Democratic Underground

Vindication for Al Gore
January 14, 2002
by Richard Prasad

What is Al Gore's legacy going to be? Could it be the shockingly close vote in the Florida election? Maybe. Could it be the bitter partisan wrangling that took place for days afterward? Possibly. Could it be the political way in which the Supreme Court decided the case of Gore V. Bush? Perhaps.

But I suggest to you that Al Gore's legacy goes deeper than the 2000 Presidential election, is more important than voting rights or the makeup of the Supreme Court. Al Gore's legacy will be the death of the internal combustion engine during his lifetime, an idea much closer to fruition today then when it was first proposed in Gore's Book Earth In the Balance in 1992. And the death of the internal combustion engine is an idea whose time has come. With wars increasingly being fought in places like Kuwait and Afghanistan, where an oil pipeline is being planned, people on every side of the political spectrum are beginning to realize that we must disabuse ourselves from the excessive use petroleum burning engines.

Gore writes in Earth in the Balance earnestly and passionately about how he traveled the world, from the polar ice caps to the Amazon rain forests and how bad environmental practices have resulted in the disappearance of many animal species. He talks about how the burning of oil has led to the increase of greenhouse gasses like C02 and how this leads to a gradual warming of temperatures on earth a theory called global warming. Gore even called for a Global Marshall Plan, akin to the post W.W.II plan that rebuilt the economies of Europe, this Global Marshall Plan would help convert to cleaner burning technologies And, Gore of course called for the elimination of the internal combustion engine in his lifetime. This was the most controversial of Gore's assertions.

Republicans were quick to attack Gore and the ideas he represented. They call global warming junk science, and Republicans seized on the "death of the internal combustion engine" as they called it, as the stance of some left wing, loony, tree hugging enviro-nut. Where would the money for such a transformation come from? they asked, wouldn't such a transformation would cause an undue burden on the economy, they bellowed. These are the same Republicans who don't have any problems giving companies like Enron and IBM retroactive business tax breaks.

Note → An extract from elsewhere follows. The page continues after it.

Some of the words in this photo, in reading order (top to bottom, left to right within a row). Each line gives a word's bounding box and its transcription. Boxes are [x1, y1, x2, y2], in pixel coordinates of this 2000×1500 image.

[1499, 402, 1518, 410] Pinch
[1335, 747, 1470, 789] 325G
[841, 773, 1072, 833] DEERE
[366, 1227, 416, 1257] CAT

But history seems to be on Gore's side, the internal combustion engine seems to be going the way of the T-Rex. Honda was the first to mass produce a so-called 'hybrid car' one that uses both gas and electrical power. The car is called the Honda Insight. It uses a 1 liter VTEC gas engine, but it also uses an electric motor to supplement the torque of the engine at lower speeds. The advantages of hybrid cars are many. The combination of both gas and electric engines provide the car with more than enough speed and power to get up the steepest incline. Gas mileage is also greatly improved, Honda estimates that the Insight gets 61 miles per gallon in city diving and 70 miles per gallon on the highway.

Not to be outdone Toyota announced the mass production of it's own hybrid car, the Prius, which uses a 1.5 liter gas engine and electrical engine. At low speeds, the Prius uses solely the electrical motor for power. What's more, the Prius has an onboard generator to charge the electrical motor. Toyota's Prius is doing so well in sales that Toyota announced in December 2001, that it was going to increase production of the Prius by almost 40%.

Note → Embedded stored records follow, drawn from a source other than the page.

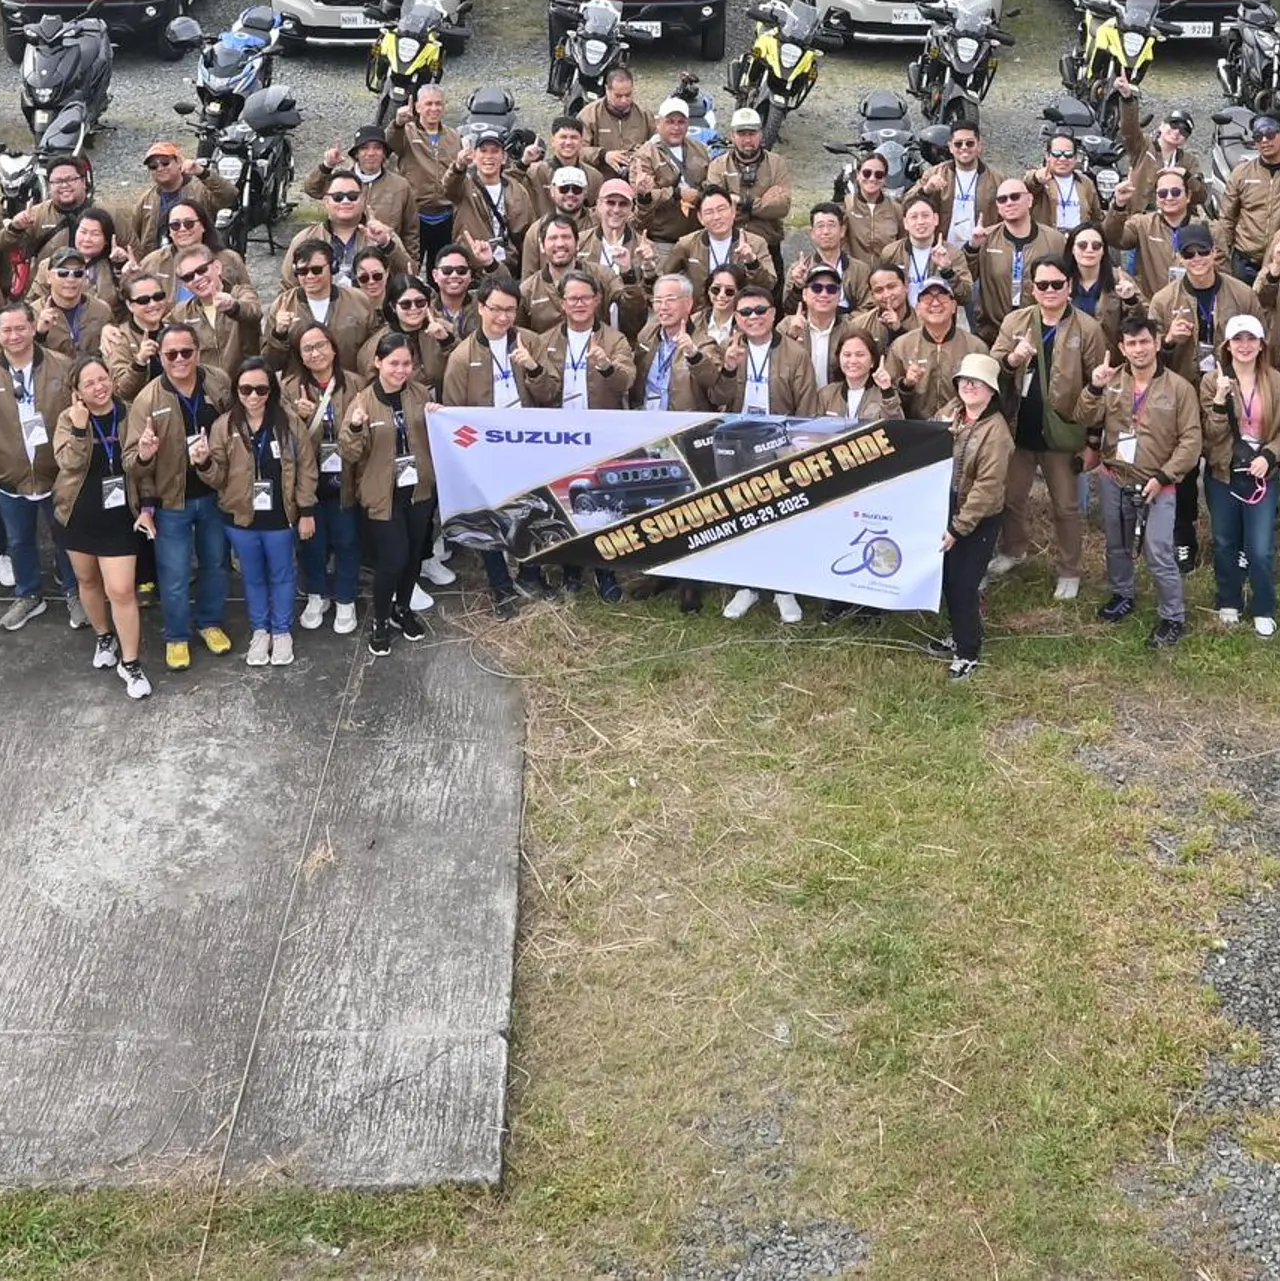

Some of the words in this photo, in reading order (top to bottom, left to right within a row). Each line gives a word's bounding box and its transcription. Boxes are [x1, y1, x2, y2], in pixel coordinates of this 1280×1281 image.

[485, 429, 592, 446] SUZUKI
[594, 524, 646, 561] ONE
[640, 492, 729, 544] SUZUKI
[724, 451, 834, 513] KICK-OFF
[831, 428, 896, 471] RIDE
[687, 519, 738, 550] JANUARY
[740, 506, 778, 529] 28-29,
[777, 492, 810, 515] 2025

Realizing that profits might actually increase with environmentally friendly vehicles, the Ford Motor Company is set to announce a hybrid SUV, there's a contradiction in terms if I ever heard one, but the Ford Escape a hybrid SUV is supposed to go into mass production in 2003. Maybe Ford can rehire some of the 25,000 people they just fired and reopen some of the 5 plants they just closed to produce this environmentally friendly car.

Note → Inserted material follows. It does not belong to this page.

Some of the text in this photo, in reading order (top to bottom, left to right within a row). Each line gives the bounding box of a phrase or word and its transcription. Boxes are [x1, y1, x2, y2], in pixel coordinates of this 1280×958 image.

Perhaps the most shocking announcement of all was made by GM at a recent auto show in Michigan. GM announced the development of a concept car that runs entirely on hydrogen and has no combustion engine whatsoever. The concept car's name is the Autonomy, and GM says that it could mass produce this car in ten years. Imagine Al Gore's vision of eliminating the combustion engine could become a reality in as little as 10 years. Truly remarkable!

Always the last to arrive to any new idea, belatedly came Gorge W. Bush. President Bush now says he wants Energy Secretary Spencer Abraham to focus on new technologies such as use of hydrogen and fuel cells. But in making the announcement, Bush also announced that he wanted to cut 1.5 billion dollars to stimulate research into more fuel efficient cars. But even the fact that the conservative Republican son of an oil man, is talking about...GASP! The death of the combustion engine, shows just how much progress is being made in this area.

Al Gore went out on a precarious limb in 1992 with his bold call to action Earth in the Balance. He has been ridiculed and lampooned by right wing opinion makers for nearly 10 years for his bold and courageous environmental views. Now how about giving Al Gore a little credit for being a visionary in calling for the elimination of combustion engines. Bold, visionary environmental ideas, that will be Al Gore's legacy, and in an era of prepackaged, blow-dried Presidential candidates, such a legacy is not a bad one to have.